First of all, the code’s had a slight polish, although it’s still some way from gleaming perfection. What it really needs is unit testing, and possibly some profiling as well. Oh, and some document strings. Stuff like that. I’m afraid that the more interested I am in something, the louder my inner cowboy shouts yeehaa!
. Process is fine when the work you’re doing is essentially boring: at least then it can be boring and respectable.
I’ve based the design so far on a number of untested assumptions about how efficient certain operations are. In fact I’m pretty certain that a naive
approach - just storing the tuples in a list and running along the list looking for matches - would perform better for smallish tuple sets. By indexing absolutely everything, I’m making tuple selection over large sets faster at the cost of making everything else slower (but slower by an amount that increases slowly relative to the size of the tuple set; at least, assuming my assumptions about dictionary lookup and tests for set membership in Python are correct).
It might be that a hybrid approach would be best - index on the first item in the tuple, then do a linear-time search through an unindexed list after that. Best of all would be to make this configurable.
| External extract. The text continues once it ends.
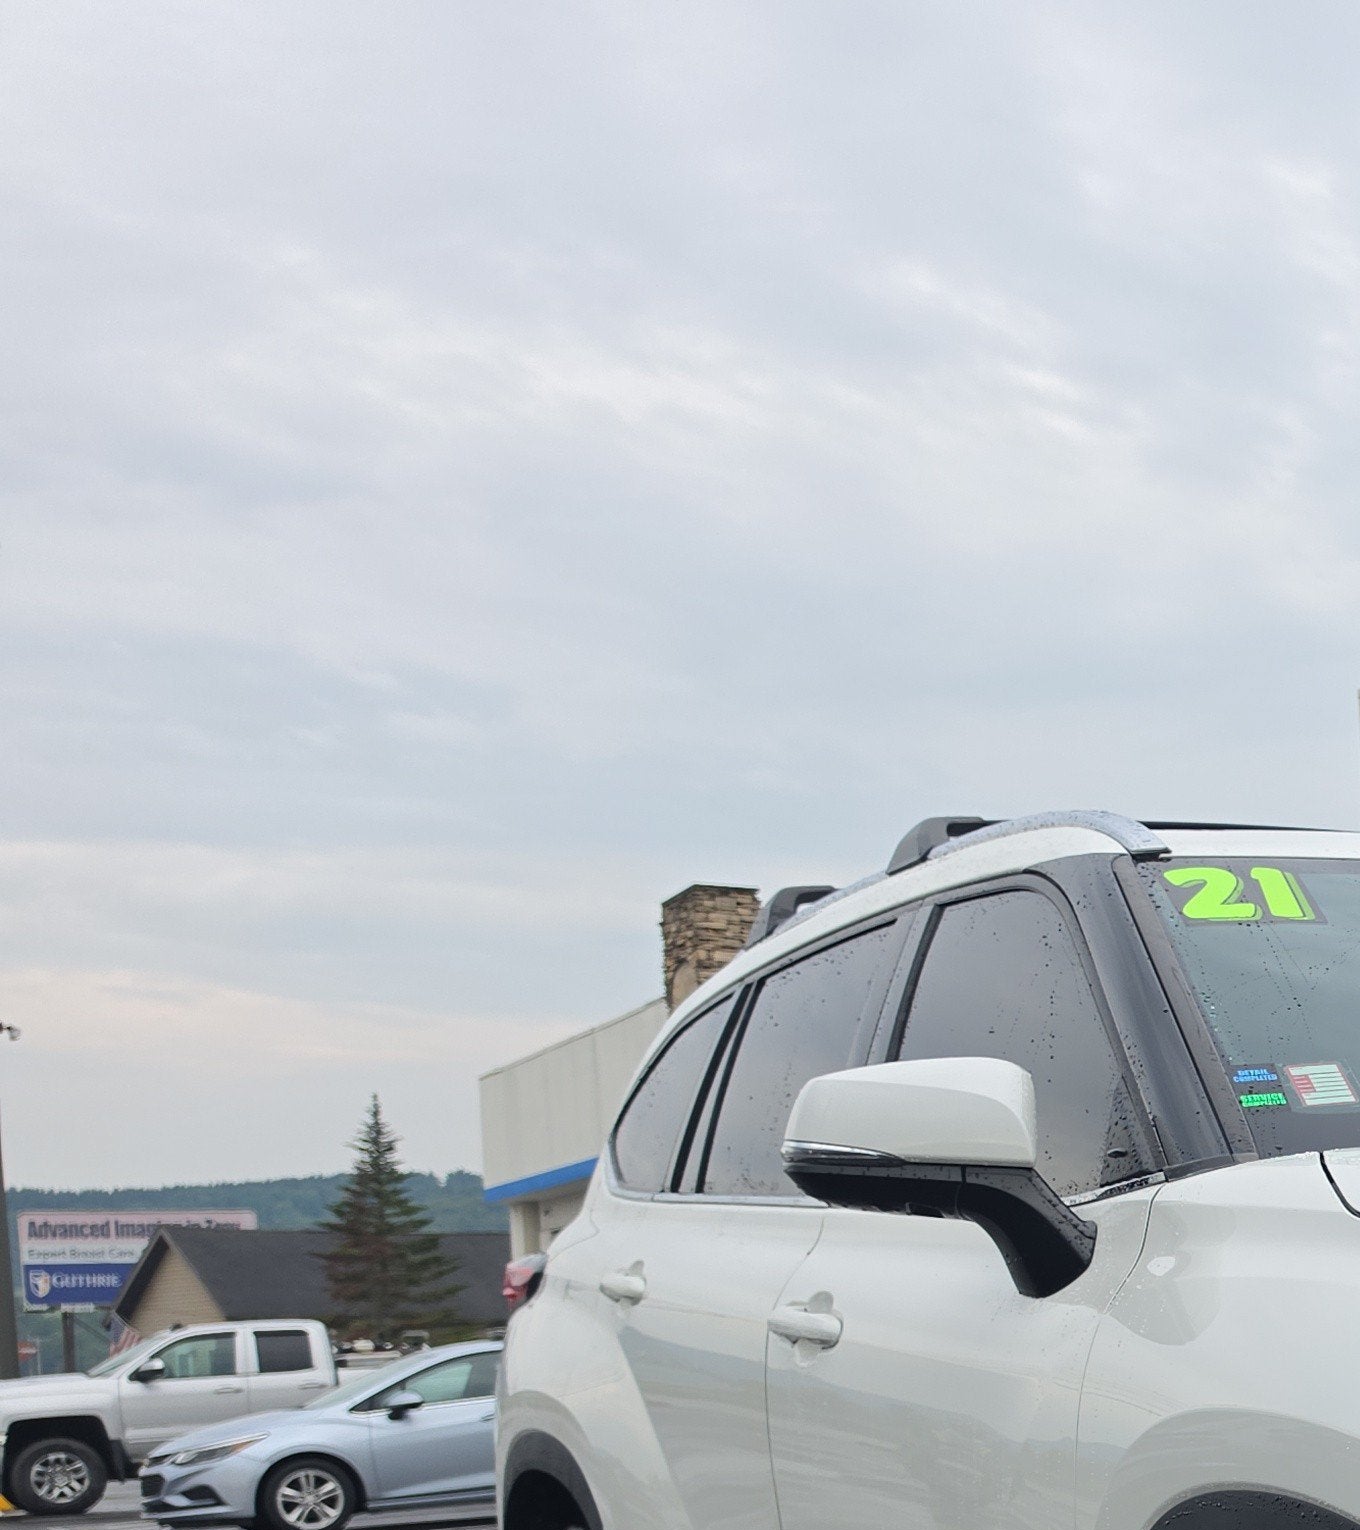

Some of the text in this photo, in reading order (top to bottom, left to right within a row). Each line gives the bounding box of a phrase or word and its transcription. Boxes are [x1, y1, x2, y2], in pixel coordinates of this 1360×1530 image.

[1163, 867, 1314, 920] 21
[1240, 1093, 1284, 1102] SERVICE
[27, 1220, 110, 1239] Advanced
Meanwhile, it works well enough for me to be able to try out some co-ordination scenarios. The new version of the code has three reader
processes simultaneously trying to access items produced by a worker
process. No synchronization primitives required: they just pull tuples out of the tuple space until there are none left. But how do they know when there are none left? Because they also update a shared count
tuple.
What makes it all so much simpler than it otherwise might have to be is the atomicity of the tuple space operations. The cost of this, in my implementation at least, is that these operations take place sequentially, on a single thread. Calls from other threads are marshalled to this thread via a queue, and block until the worker
thread calls them back. Again, this is almost certainly not the most efficient scheme. Simultaneous non-destructive reads should presumably be able to be processed concurrently.